**TASK DESCRIPTION:** Write out every entry below exactly as it appears. Pictures do not belong in the copy.

┏━━

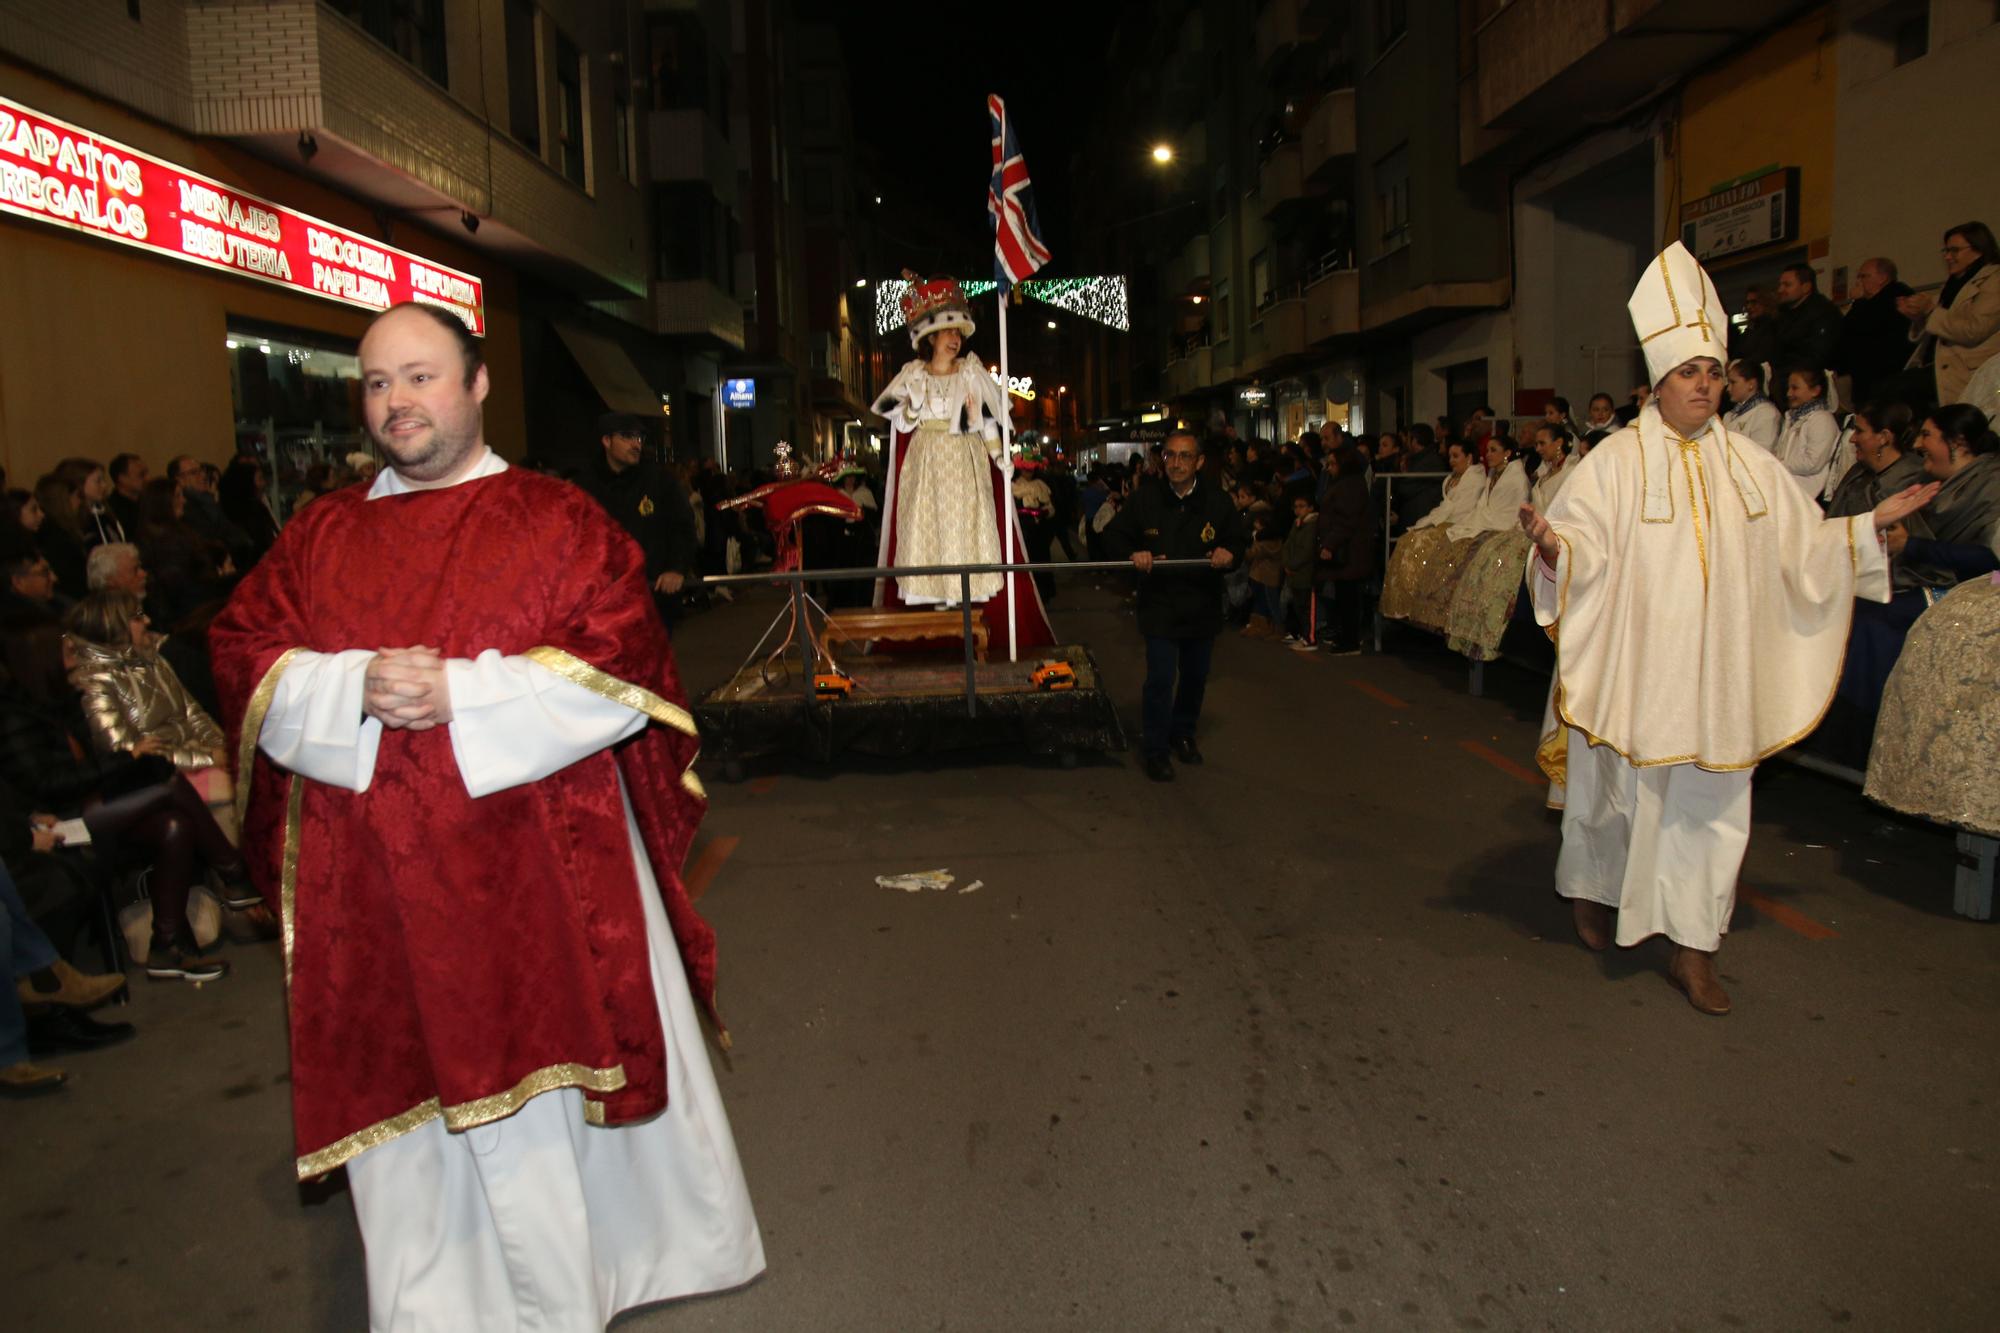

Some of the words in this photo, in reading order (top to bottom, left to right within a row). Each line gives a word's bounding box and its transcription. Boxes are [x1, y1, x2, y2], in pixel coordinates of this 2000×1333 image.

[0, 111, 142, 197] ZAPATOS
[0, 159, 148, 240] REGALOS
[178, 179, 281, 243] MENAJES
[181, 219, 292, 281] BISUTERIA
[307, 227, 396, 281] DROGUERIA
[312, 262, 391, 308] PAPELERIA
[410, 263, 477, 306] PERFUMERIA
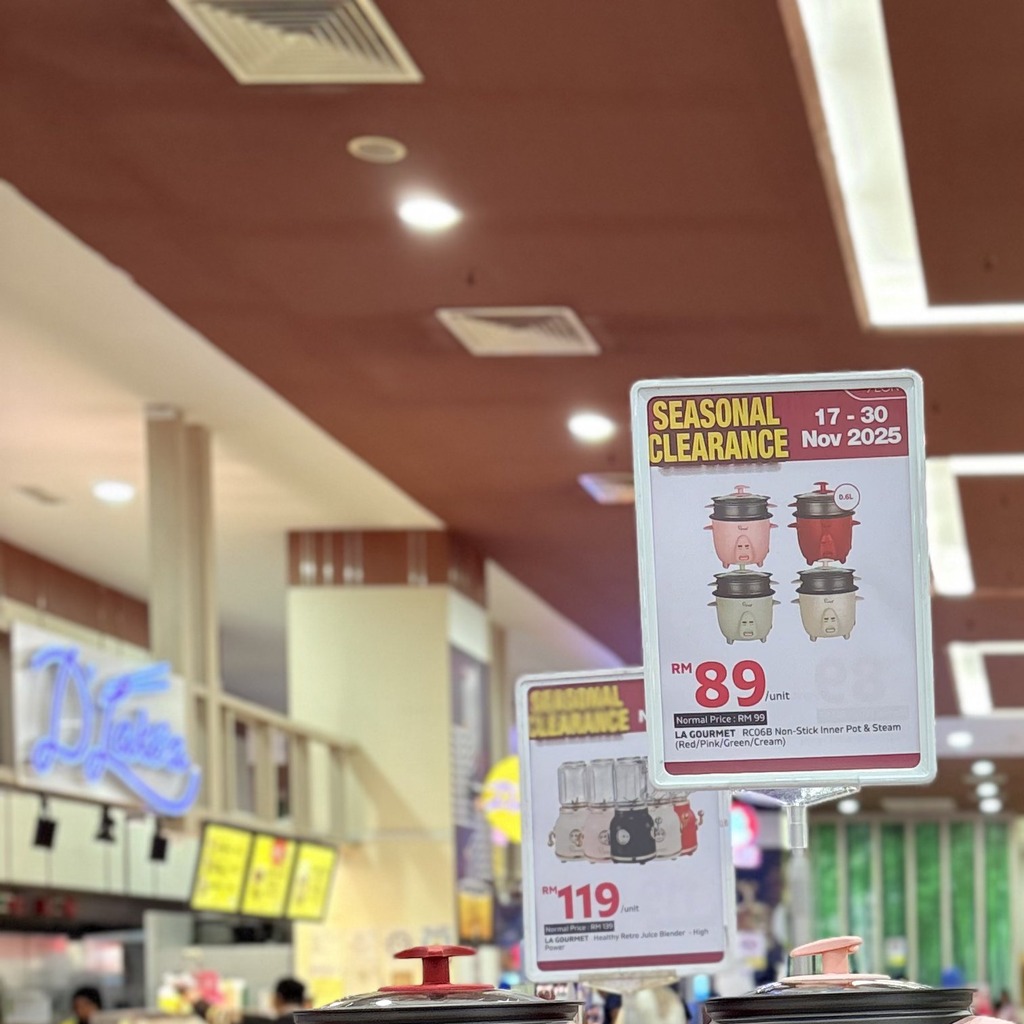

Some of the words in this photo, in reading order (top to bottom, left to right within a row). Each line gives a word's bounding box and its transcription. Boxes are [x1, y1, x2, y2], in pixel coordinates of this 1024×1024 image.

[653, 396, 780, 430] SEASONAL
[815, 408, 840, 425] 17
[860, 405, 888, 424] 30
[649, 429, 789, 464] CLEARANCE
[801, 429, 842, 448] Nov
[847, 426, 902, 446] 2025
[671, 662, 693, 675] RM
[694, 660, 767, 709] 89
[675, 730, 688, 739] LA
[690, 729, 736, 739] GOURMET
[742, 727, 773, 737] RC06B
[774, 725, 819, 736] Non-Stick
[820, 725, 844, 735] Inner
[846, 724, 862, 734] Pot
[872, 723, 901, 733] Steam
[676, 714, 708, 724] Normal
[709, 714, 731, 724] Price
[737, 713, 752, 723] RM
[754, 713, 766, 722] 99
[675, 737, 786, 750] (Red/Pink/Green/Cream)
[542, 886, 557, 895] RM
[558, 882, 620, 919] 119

┗━━

**EXPECTED ANSWER:**
Some of the words in this photo, in reading order (top to bottom, left to right within a row). Each line gives a word's bounding box and its transcription. Boxes are [x1, y1, x2, y2], in pixel coordinates of this 2000×1333 image.

[0, 111, 142, 197] ZAPATOS
[0, 159, 148, 240] REGALOS
[178, 179, 281, 243] MENAJES
[181, 219, 292, 281] BISUTERIA
[307, 227, 396, 281] DROGUERIA
[312, 262, 391, 308] PAPELERIA
[410, 263, 477, 306] PERFUMERIA

Some of the words in this photo, in reading order (top to bottom, left to right within a row). Each line gives a word's bounding box and its transcription. Boxes are [x1, y1, x2, y2], in pixel coordinates of this 1024×1024 image.

[653, 396, 780, 430] SEASONAL
[815, 408, 840, 425] 17
[860, 405, 888, 424] 30
[649, 429, 789, 464] CLEARANCE
[801, 429, 842, 448] Nov
[847, 426, 902, 446] 2025
[671, 662, 693, 675] RM
[694, 660, 767, 709] 89
[675, 730, 688, 739] LA
[690, 729, 736, 739] GOURMET
[742, 727, 773, 737] RC06B
[774, 725, 819, 736] Non-Stick
[820, 725, 844, 735] Inner
[846, 724, 862, 734] Pot
[872, 723, 901, 733] Steam
[676, 714, 708, 724] Normal
[709, 714, 731, 724] Price
[737, 713, 752, 723] RM
[754, 713, 766, 722] 99
[675, 737, 786, 750] (Red/Pink/Green/Cream)
[542, 886, 557, 895] RM
[558, 882, 620, 919] 119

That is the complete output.